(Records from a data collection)
◆ ◆ ◆

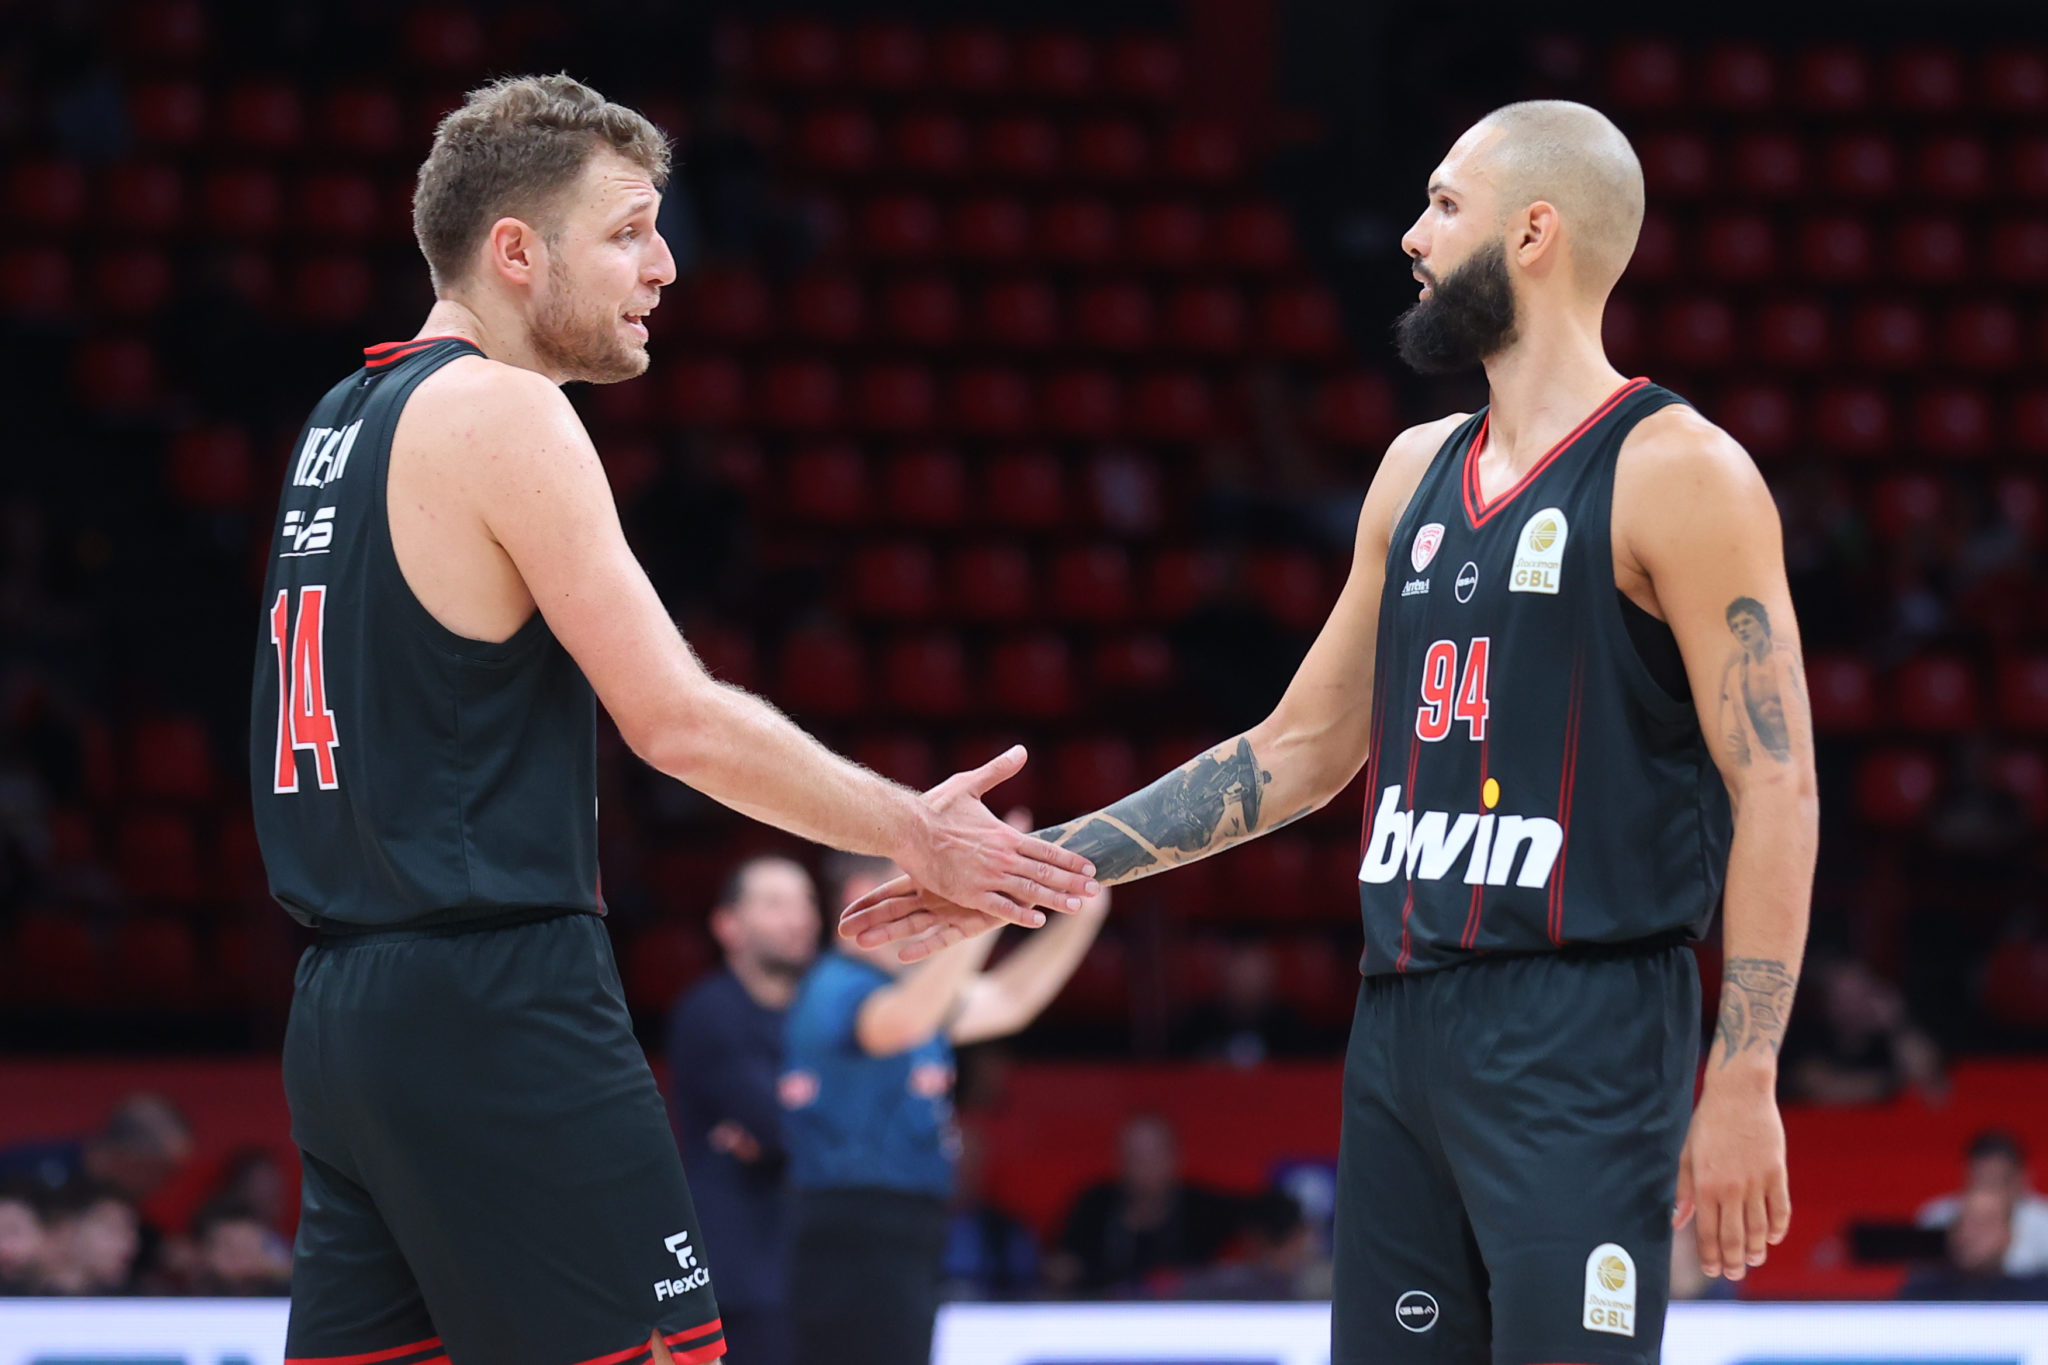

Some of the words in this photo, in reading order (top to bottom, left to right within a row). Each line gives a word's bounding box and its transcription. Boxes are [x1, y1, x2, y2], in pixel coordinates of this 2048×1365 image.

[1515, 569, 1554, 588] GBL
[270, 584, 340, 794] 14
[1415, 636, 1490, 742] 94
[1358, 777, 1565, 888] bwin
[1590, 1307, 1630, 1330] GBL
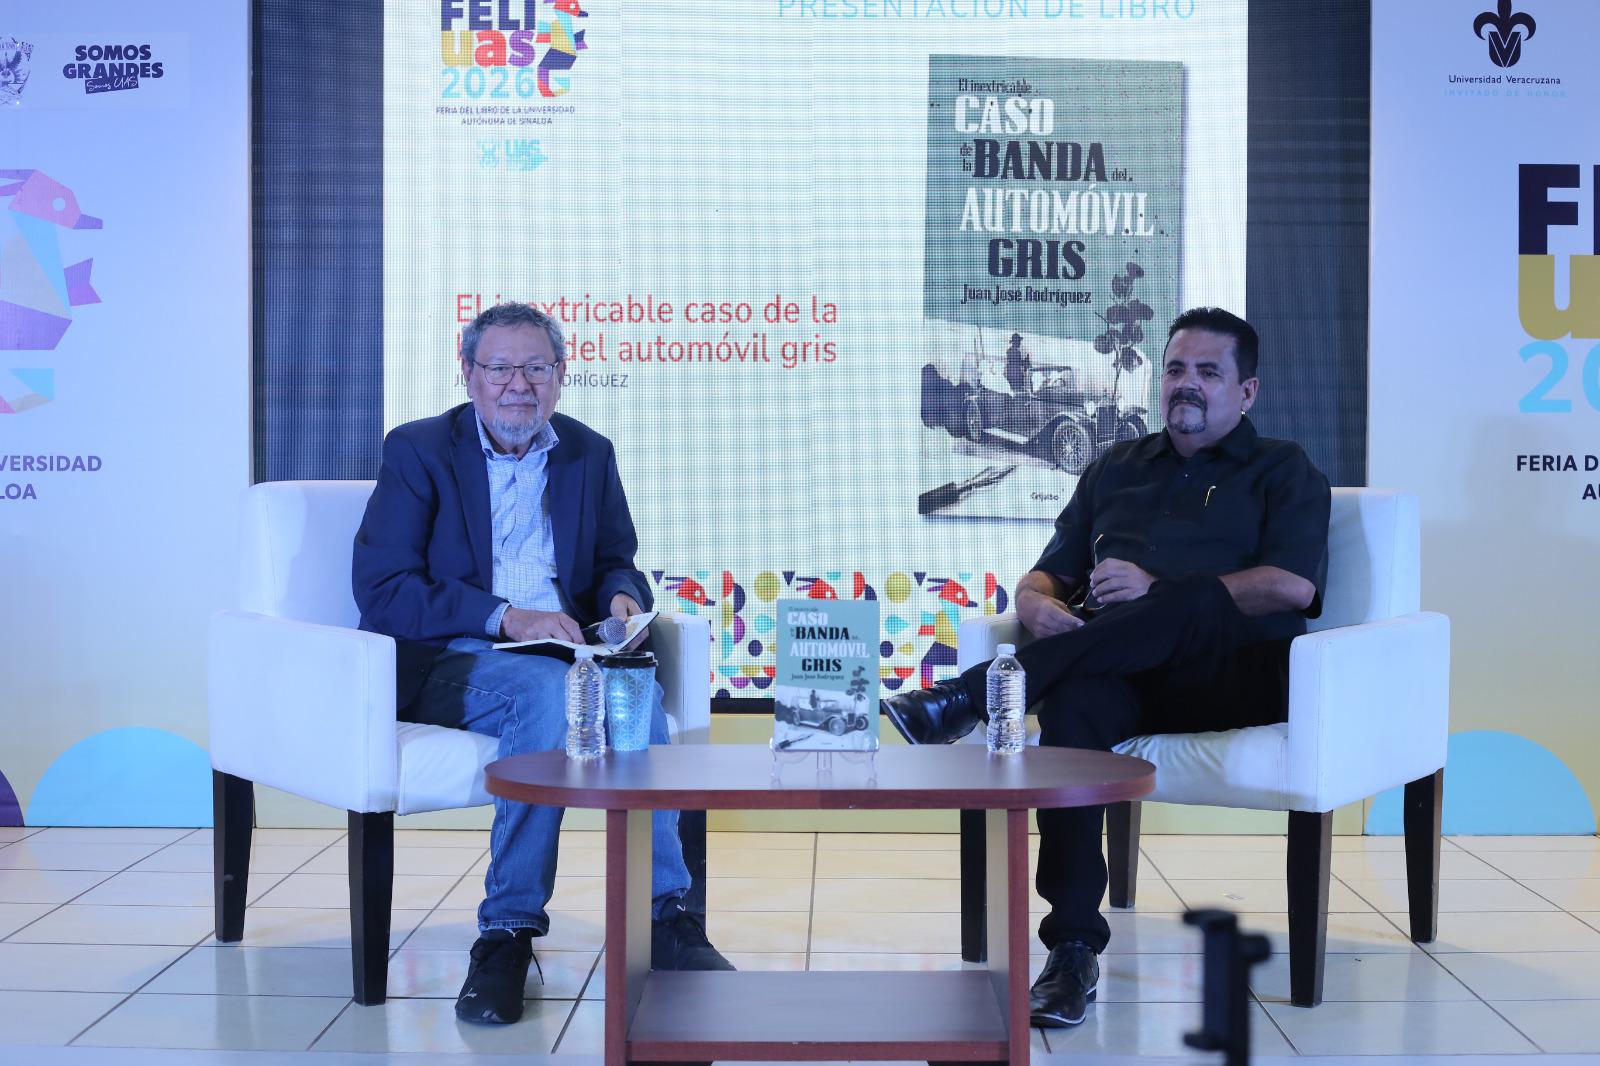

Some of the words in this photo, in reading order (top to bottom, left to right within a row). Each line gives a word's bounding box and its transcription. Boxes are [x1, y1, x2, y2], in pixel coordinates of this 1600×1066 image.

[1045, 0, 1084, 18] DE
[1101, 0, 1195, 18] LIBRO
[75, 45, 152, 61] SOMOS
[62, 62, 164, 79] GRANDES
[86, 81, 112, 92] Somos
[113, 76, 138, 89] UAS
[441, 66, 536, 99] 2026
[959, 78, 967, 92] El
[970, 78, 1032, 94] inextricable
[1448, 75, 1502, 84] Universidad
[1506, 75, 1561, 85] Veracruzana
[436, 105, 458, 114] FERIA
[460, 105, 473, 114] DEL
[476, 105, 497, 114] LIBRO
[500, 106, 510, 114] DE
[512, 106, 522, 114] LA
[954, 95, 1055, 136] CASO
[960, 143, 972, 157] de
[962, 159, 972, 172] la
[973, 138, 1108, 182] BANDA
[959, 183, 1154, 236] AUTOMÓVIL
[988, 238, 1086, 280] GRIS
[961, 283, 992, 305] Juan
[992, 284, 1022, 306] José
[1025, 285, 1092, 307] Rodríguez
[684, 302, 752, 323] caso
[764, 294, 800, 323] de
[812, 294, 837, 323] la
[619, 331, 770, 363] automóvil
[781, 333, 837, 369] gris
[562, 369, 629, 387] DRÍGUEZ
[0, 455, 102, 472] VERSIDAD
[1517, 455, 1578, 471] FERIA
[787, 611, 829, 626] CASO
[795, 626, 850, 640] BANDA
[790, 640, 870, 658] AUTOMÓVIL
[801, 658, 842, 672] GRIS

◆ ◆ ◆

Omitting the pictures, copy each record above exactly as it stands.

Some of the words in this photo, in reading order (top to bottom, left to right within a row). Each line gives a word's bounding box and its transcription. Boxes are [x1, y1, x2, y2], in pixel coordinates of this 2048×1365 image.

[1515, 569, 1554, 588] GBL
[270, 584, 340, 794] 14
[1415, 636, 1490, 742] 94
[1358, 777, 1565, 888] bwin
[1590, 1307, 1630, 1330] GBL

Some of the words in this photo, in reading order (top to bottom, left to right within a row). Each line gives a word's bounding box and its transcription. Boxes are [x1, y1, x2, y2], in pixel coordinates of this 1600×1066 image.

[1045, 0, 1084, 18] DE
[1101, 0, 1195, 18] LIBRO
[75, 45, 152, 61] SOMOS
[62, 62, 164, 79] GRANDES
[86, 81, 112, 92] Somos
[113, 76, 138, 89] UAS
[441, 66, 536, 99] 2026
[959, 78, 967, 92] El
[970, 78, 1032, 94] inextricable
[1448, 75, 1502, 84] Universidad
[1506, 75, 1561, 85] Veracruzana
[436, 105, 458, 114] FERIA
[460, 105, 473, 114] DEL
[476, 105, 497, 114] LIBRO
[500, 106, 510, 114] DE
[512, 106, 522, 114] LA
[954, 95, 1055, 136] CASO
[960, 143, 972, 157] de
[962, 159, 972, 172] la
[973, 138, 1108, 182] BANDA
[959, 183, 1154, 236] AUTOMÓVIL
[988, 238, 1086, 280] GRIS
[961, 283, 992, 305] Juan
[992, 284, 1022, 306] José
[1025, 285, 1092, 307] Rodríguez
[684, 302, 752, 323] caso
[764, 294, 800, 323] de
[812, 294, 837, 323] la
[619, 331, 770, 363] automóvil
[781, 333, 837, 369] gris
[562, 369, 629, 387] DRÍGUEZ
[0, 455, 102, 472] VERSIDAD
[1517, 455, 1578, 471] FERIA
[787, 611, 829, 626] CASO
[795, 626, 850, 640] BANDA
[790, 640, 870, 658] AUTOMÓVIL
[801, 658, 842, 672] GRIS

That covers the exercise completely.